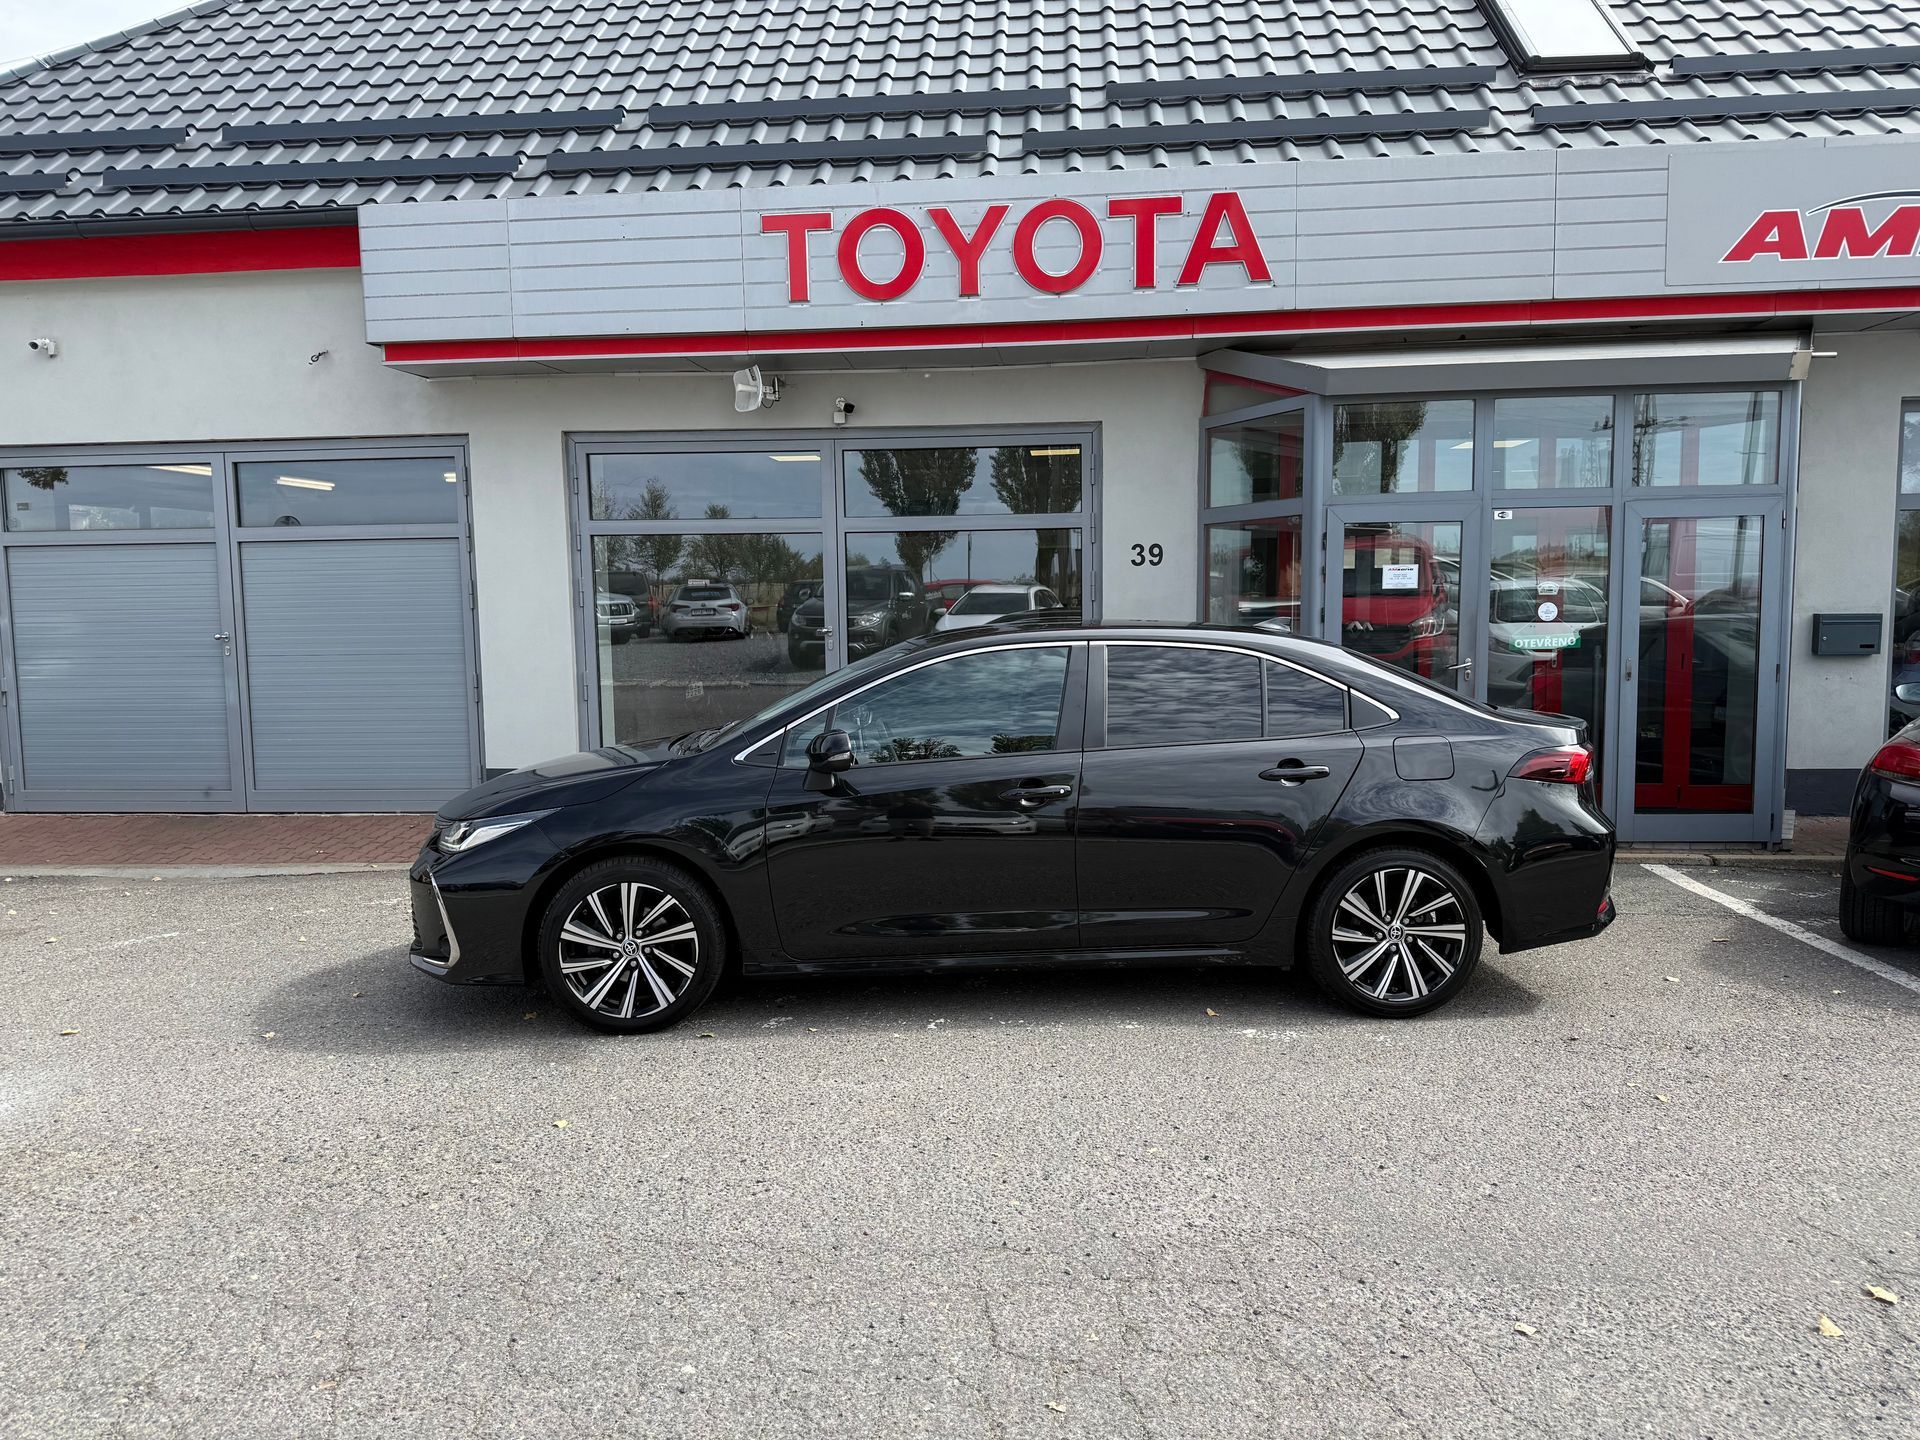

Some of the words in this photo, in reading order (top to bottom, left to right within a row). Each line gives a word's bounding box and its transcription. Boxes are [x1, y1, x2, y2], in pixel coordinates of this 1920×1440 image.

[760, 191, 1273, 303] TOYOTA
[1718, 204, 1920, 263] AM
[1131, 543, 1164, 567] 39
[1514, 635, 1576, 648] OTEVŘENO

**The task**
Nothing but an exact copy of the data, without pictures, should be returned.

**Solution to this task**
Some of the words in this photo, in reading order (top to bottom, left to right within a row). Each line gives a word's bounding box and its transcription. Boxes are [x1, y1, x2, y2], in pixel coordinates of this 1920×1440 image.

[760, 191, 1273, 303] TOYOTA
[1718, 204, 1920, 263] AM
[1131, 543, 1164, 567] 39
[1514, 635, 1576, 648] OTEVŘENO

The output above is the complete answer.